I'd like to pipe up in defense of 2/4chan, because Valis made it sound like it's nothing but a vile hive of perversion; there are non-hentai sections in it. There may even be parts where people have discussions beyond the merits of the latest set of tits. It isn't just a festering pit of perversion (not that said scummy hive pit isn't a large part of it.)

I use win/fail as adjectives, too. They succintly express quite a lot that I would otherwise need many sentences to state.

Comment from: Valis posted at February 7, 2006 3:15 PM

Yeah, they do. It's called /g/.

I go there, too.

Comment from: Violet posted at February 7, 2006 4:42 PM

I'm still faintly amused that the person who refers to his own weblog posts (note pre-existing nomenclature!) as "snarks" is frustrated with the renaming of "cyberspace" on the grounds of, er, pre-existing popular nomenclature. <g>

Then again, "chattergoods" must have been suggested ironically. The essence of ridiculous cyberpunk was self-satire, after all, yes?


Turn down those blasted crickets!

Comment from: Ununnilium posted at February 7, 2006 5:56 PM

In my circle, we often say "You win seven internets!" as honest, if snarky, praise.

As well, "cyberspace" was never really used by the people who told the Internet what to be, and as those tech-jargon terms became more mainstream, it displaced the gosh-wow slang.

Comment from: Pyrthas posted at February 7, 2006 6:52 PM

I took "you win the Internet" to have developed out of phrases such as "you win at life," with the "at" dropped, but that was pure speculation. I suppose that it is perfectly good English if the Internet is the thing which you are receiving as a prize, but I've never taken it that way.

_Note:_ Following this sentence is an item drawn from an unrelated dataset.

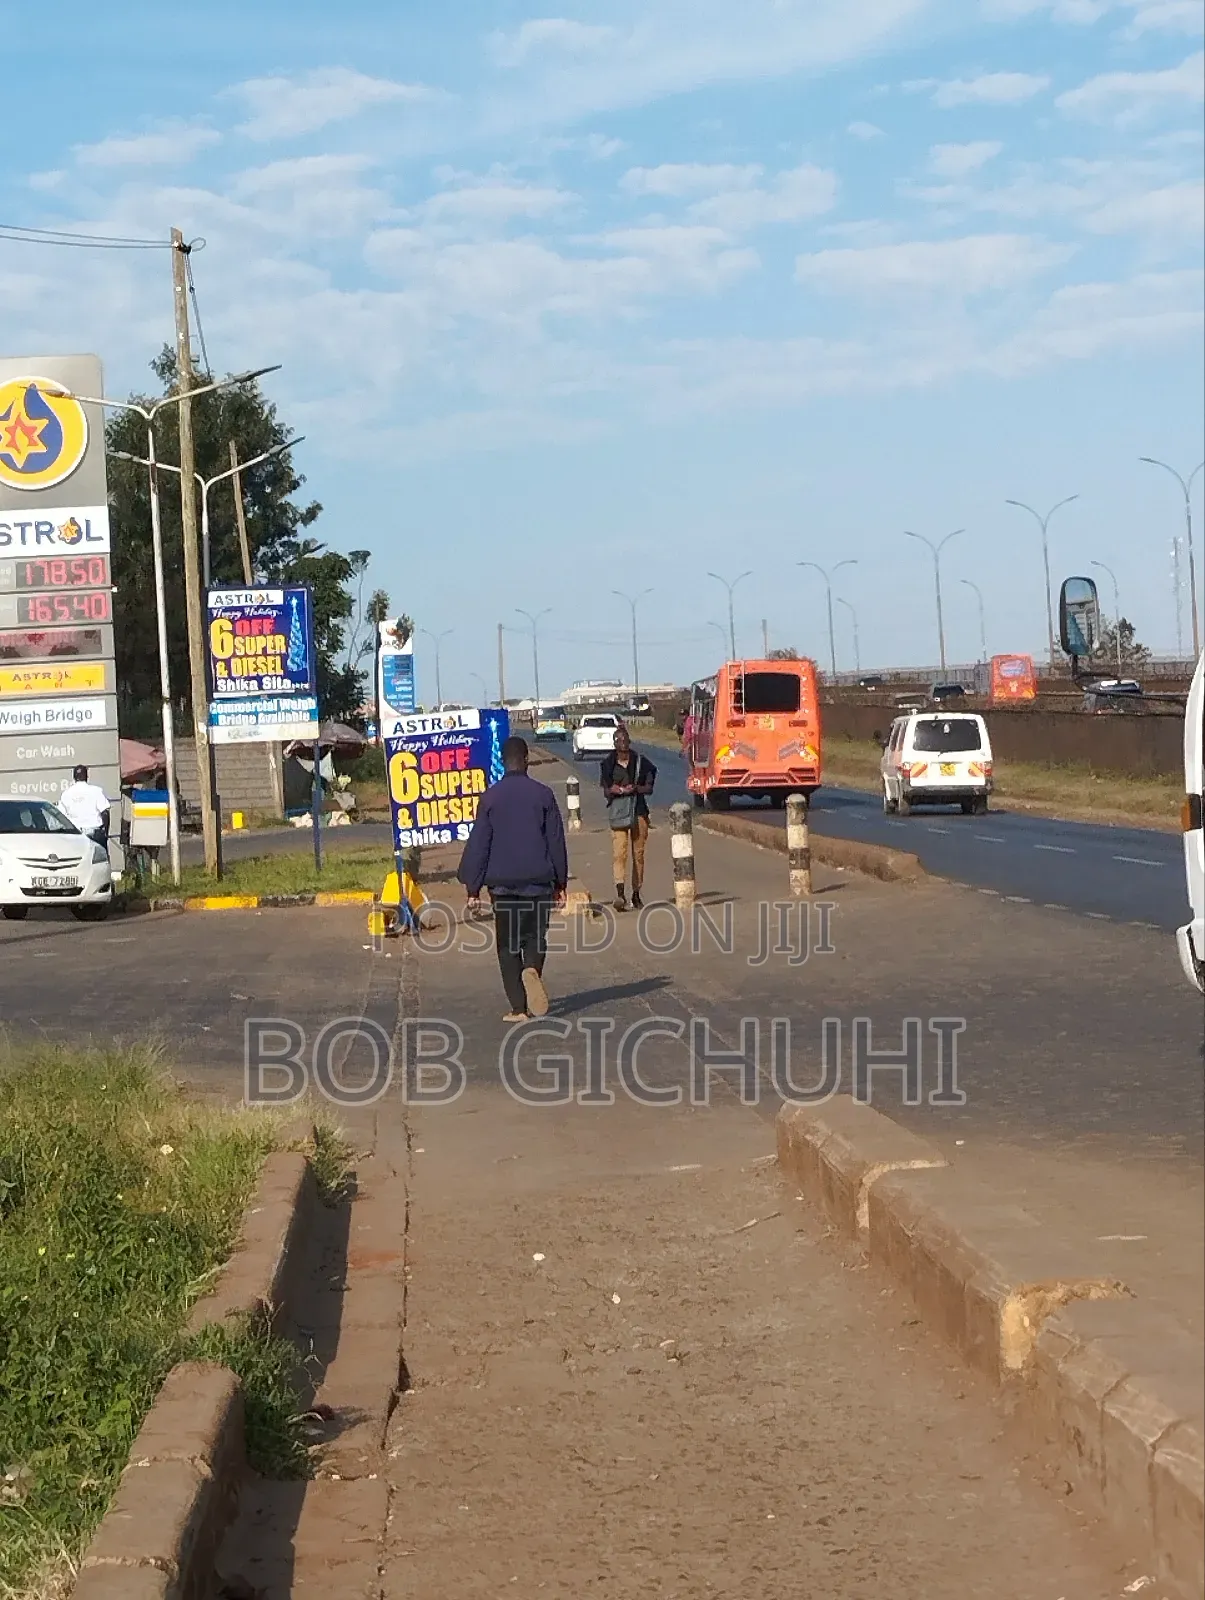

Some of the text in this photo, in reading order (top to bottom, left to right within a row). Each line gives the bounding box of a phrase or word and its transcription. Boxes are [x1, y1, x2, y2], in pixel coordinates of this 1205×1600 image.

Comment from: Wednesday White posted at February 7, 2006 7:56 PM

There was that one video on the extras for BNL's Rock Spectacle. "Letters to Ed."

The information superhighway -- the "information superhighway." We all know it's a crockpot.

When your wife "surfs the net," she's really slow-cooking ribs and hiding them in the closet.

(We appreciate your comments. Write to:

c/o Letters to Ed
c/ The Letters to Ed Show
c/o Ed )

Comment from: 32_footsteps posted at February 7, 2006 8:22 PM

Okay, Weds, that's crazy talk.

You use a crockpot to cook rump roast, not ribs.

Comment from: Wednesday White posted at February 7, 2006 10:41 PM

Beef short ribs work quite well in a crockpot. I've tried.

Comment from: gwalla posted at February 9, 2006 2:30 AM


I'm quite positive that "You win the Internet", like "you win at life", was originally comparing the Internet to a video game a la "I beat the Internet. The last guy is HARD." "You win an Internet" is a later innovation deriving from the other way of interpreting the role of "the Internet" in that sentence.

My favorite variant of "newbie" is the diminuitive form of "nub", "nubbins". It's got kind of a Dame Edna feel to it.

Jocular formations and nonce forms are one of my favorite things about the Intarwebs. Such as "nast", a backformation from the adjective "nasty", as in "black licorice is made of nast".